El caso de Jerez, como el de otras ciudades andaluzas, es paradigmático: tiene casi tantos cofrades como desempleados y su situación socioeconómica la sitúan en el ranking de ciudades más pobres de la Europa comunitaria. En el desierto asociativo de la ciudad, las hermandades emergen con gran capacidad de movilización y son mimadas por los poderes locales, entre los que incluyo a los medios de comunicación, que dedican secciones especiales y profesionales a la crónica religioso-cofrade. ¿Conocen algún colectivo ciudadano capaz de privatizar a su antojo el espacio público? Y no solo en  Semana Santa, sino a lo largo de todo el año, como demuestran las innumerables procesiones que tienen lugar en nuestros barrios, que requieren de cortes de tráfico, señalización y atención de la Policía Local, sin que se recaude tasa alguna para resarcir ese gasto que repercute en el bolsillo de los contribuyentes.

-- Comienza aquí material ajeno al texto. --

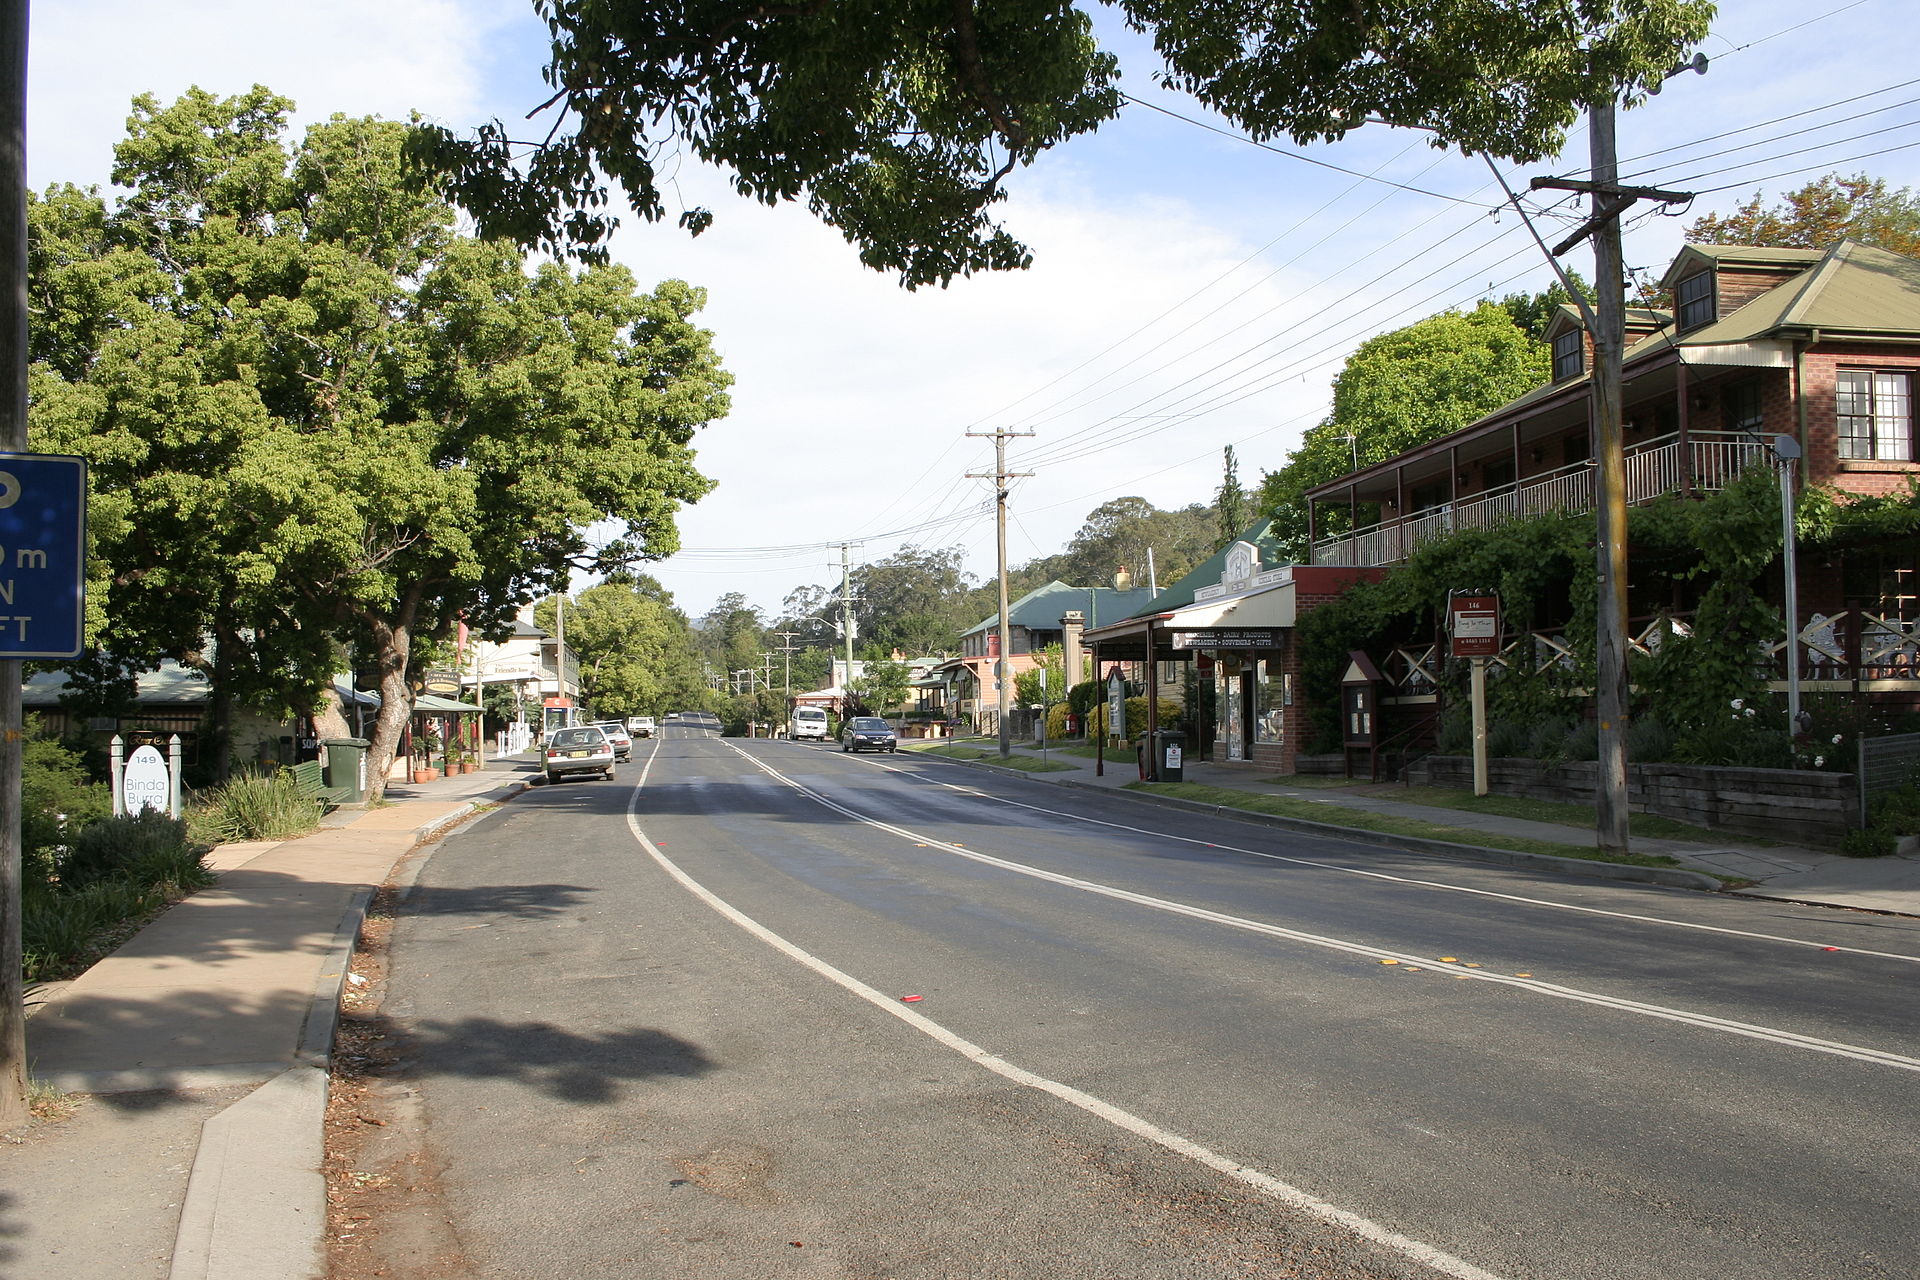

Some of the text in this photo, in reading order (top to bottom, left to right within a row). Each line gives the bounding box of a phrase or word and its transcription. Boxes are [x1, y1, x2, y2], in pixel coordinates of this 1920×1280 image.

[136, 756, 156, 764] 149
[126, 778, 165, 791] Binda
[128, 792, 163, 805] Burra

Expresada la queja, y desde el respeto a los creyentes, hay que reconocer que como historia teatral y/o cinematográfica la Semana Santa resulta fascinante, de ahí su atractivo turístico como espectáculo, pues tiene todos los ingredientes de un gran thriller fantástico para mayores de 18 años. Un hombre bueno, que tiene  poderes sobrenaturales –Jesucristo– se enfrenta al Poder –los romanos– por decir que hay que repartir la riqueza entre  los más pobres y que éstos tienen derechos que hay que respetar. Entonces, las fuerzas del orden –la policía del Sanedrín– lo detienen y torturan con resultado de muerte. También apalean a algunos de sus seguidores… ¿No les suena esta historia? ¿No fue en Madrid donde la  policía hace unas semanas cargó contra manifestantes que pedían pan, trabajo y vivienda para los más pobres?

En fin, a pesar de mi discrepancia por la implicación presupuestaria de las administraciones públicas en un evento religioso, la Semana Santa está en la memoria erótico-afectiva de todas mis primaveras juveniles. Por eso no puedo evitar un hormigueo de nostalgia cuando llegan estos días de chin, tatachin, cornetas, tambores y barroquismo de peinetas y varales. Cómo olvidar aquellas estrechas callejuelas en la penumbra de los cirios, en la que mis brazos se abrazaban a una cintura adolescente para protegerla contra el pecho de la multitud enfervorecida… Y cómo olvidar su olor acaramelado, el tacto de sus manos en medio de la complicidad de cristos, vírgenes y penitentes que me regalaban una semana de pasión.